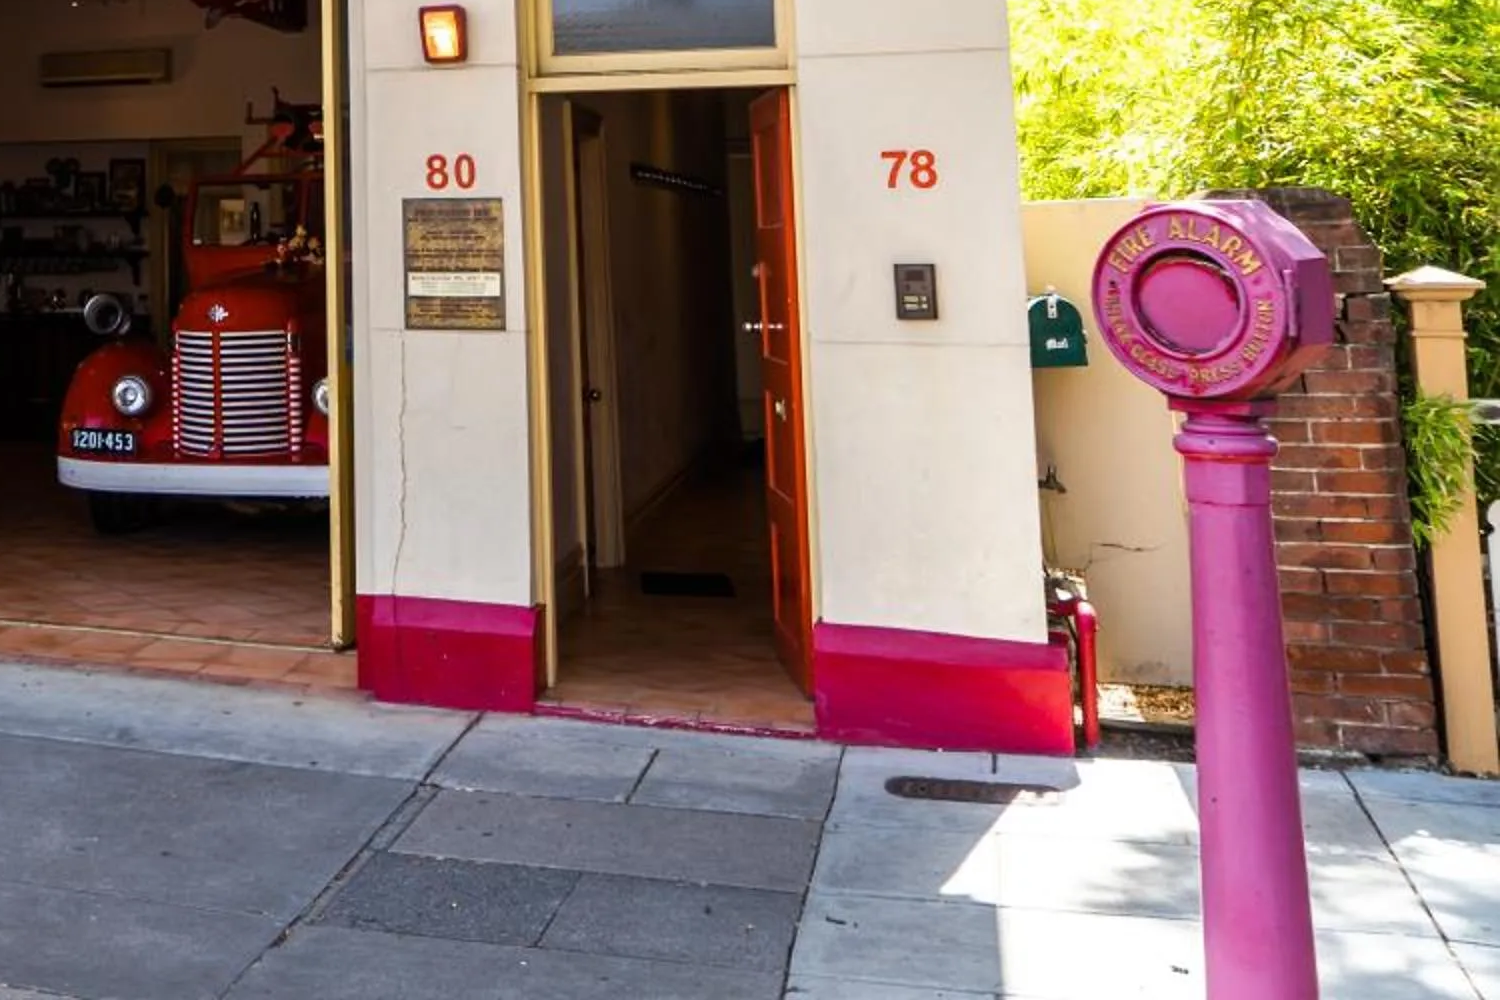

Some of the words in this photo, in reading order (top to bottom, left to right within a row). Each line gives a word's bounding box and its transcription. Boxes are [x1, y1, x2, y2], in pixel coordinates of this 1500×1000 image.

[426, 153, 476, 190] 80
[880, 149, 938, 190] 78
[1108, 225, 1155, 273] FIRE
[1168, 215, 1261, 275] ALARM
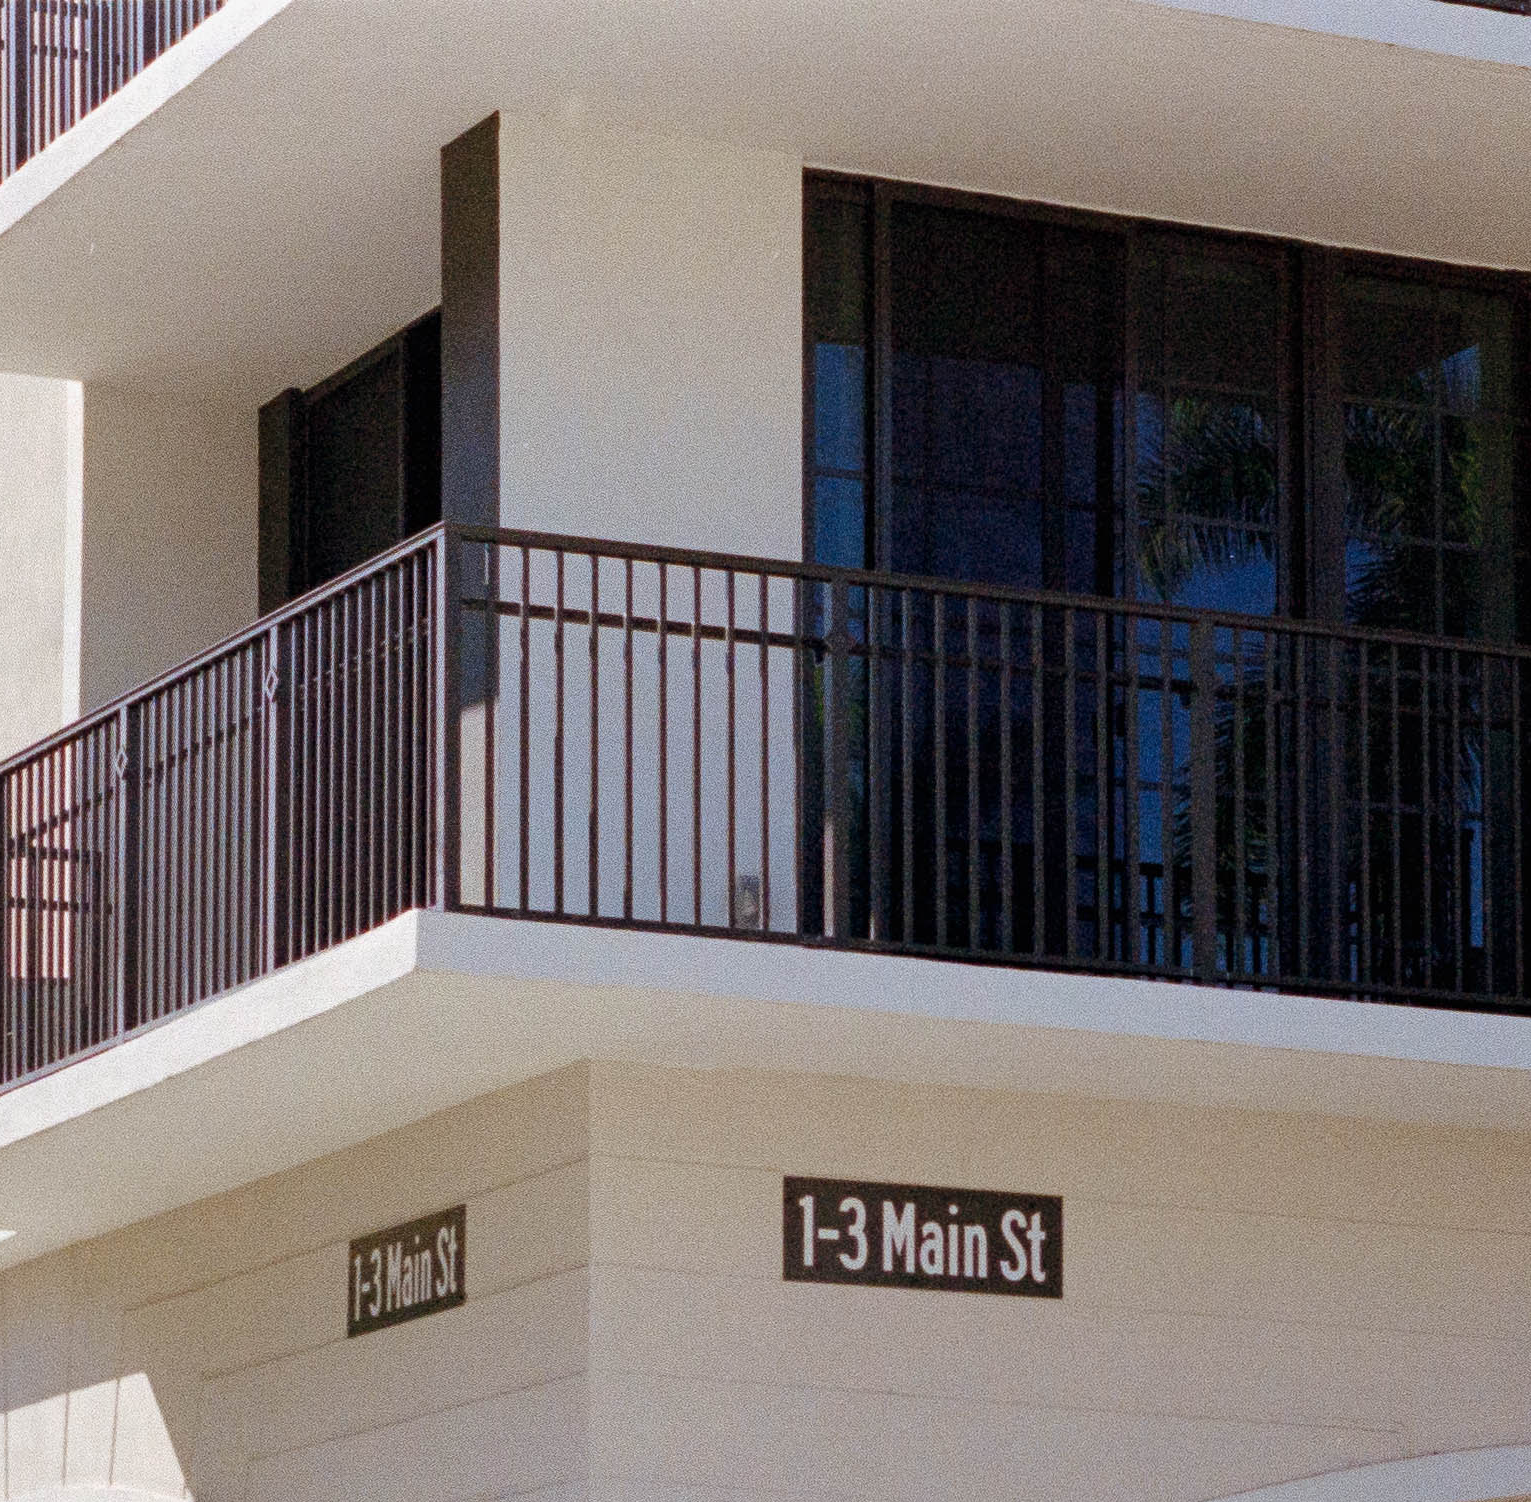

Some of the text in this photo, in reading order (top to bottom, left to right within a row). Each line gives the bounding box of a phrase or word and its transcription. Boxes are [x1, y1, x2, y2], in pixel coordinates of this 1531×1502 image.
...
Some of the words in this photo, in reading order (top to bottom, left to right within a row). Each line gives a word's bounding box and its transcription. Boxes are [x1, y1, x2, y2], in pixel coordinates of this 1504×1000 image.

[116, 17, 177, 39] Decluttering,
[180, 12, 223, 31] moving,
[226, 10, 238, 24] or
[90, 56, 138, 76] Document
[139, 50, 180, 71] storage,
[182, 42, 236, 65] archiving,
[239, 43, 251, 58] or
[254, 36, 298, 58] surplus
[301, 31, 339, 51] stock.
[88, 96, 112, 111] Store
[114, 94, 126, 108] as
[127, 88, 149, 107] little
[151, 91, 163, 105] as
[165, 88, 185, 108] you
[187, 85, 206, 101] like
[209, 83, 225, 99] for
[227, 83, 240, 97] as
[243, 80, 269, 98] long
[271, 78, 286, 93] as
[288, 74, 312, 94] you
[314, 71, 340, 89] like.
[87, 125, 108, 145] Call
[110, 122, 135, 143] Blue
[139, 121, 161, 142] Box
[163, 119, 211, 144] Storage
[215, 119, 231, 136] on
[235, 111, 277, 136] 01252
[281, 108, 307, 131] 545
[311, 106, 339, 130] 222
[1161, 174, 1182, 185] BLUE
---
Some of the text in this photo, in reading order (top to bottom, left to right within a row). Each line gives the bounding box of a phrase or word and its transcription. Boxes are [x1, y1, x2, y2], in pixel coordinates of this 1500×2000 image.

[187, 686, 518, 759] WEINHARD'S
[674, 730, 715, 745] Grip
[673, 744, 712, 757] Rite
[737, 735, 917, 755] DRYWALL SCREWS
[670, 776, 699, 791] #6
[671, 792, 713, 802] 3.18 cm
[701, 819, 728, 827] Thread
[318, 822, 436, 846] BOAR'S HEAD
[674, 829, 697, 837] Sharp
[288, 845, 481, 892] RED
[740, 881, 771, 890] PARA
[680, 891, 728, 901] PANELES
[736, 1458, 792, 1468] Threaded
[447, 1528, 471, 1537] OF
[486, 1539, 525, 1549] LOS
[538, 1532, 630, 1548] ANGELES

**Task to carry out:** Within the listing above, the lines from the one with "this 1500×1000 image." through the one with "this 1531×1502 image." are to be given again word for word. Do not include pictures.

**Task output:**
Some of the words in this photo, in reading order (top to bottom, left to right within a row). Each line gives a word's bounding box and its transcription. Boxes are [x1, y1, x2, y2], in pixel coordinates of this 1500×1000 image.

[426, 153, 476, 190] 80
[880, 149, 938, 190] 78
[1108, 225, 1155, 273] FIRE
[1168, 215, 1261, 275] ALARM

Some of the text in this photo, in reading order (top to bottom, left to right within a row). Each line gives the bounding box of a phrase or word and its transcription. Boxes are [x1, y1, x2, y2], in pixel coordinates of this 1531×1502 image.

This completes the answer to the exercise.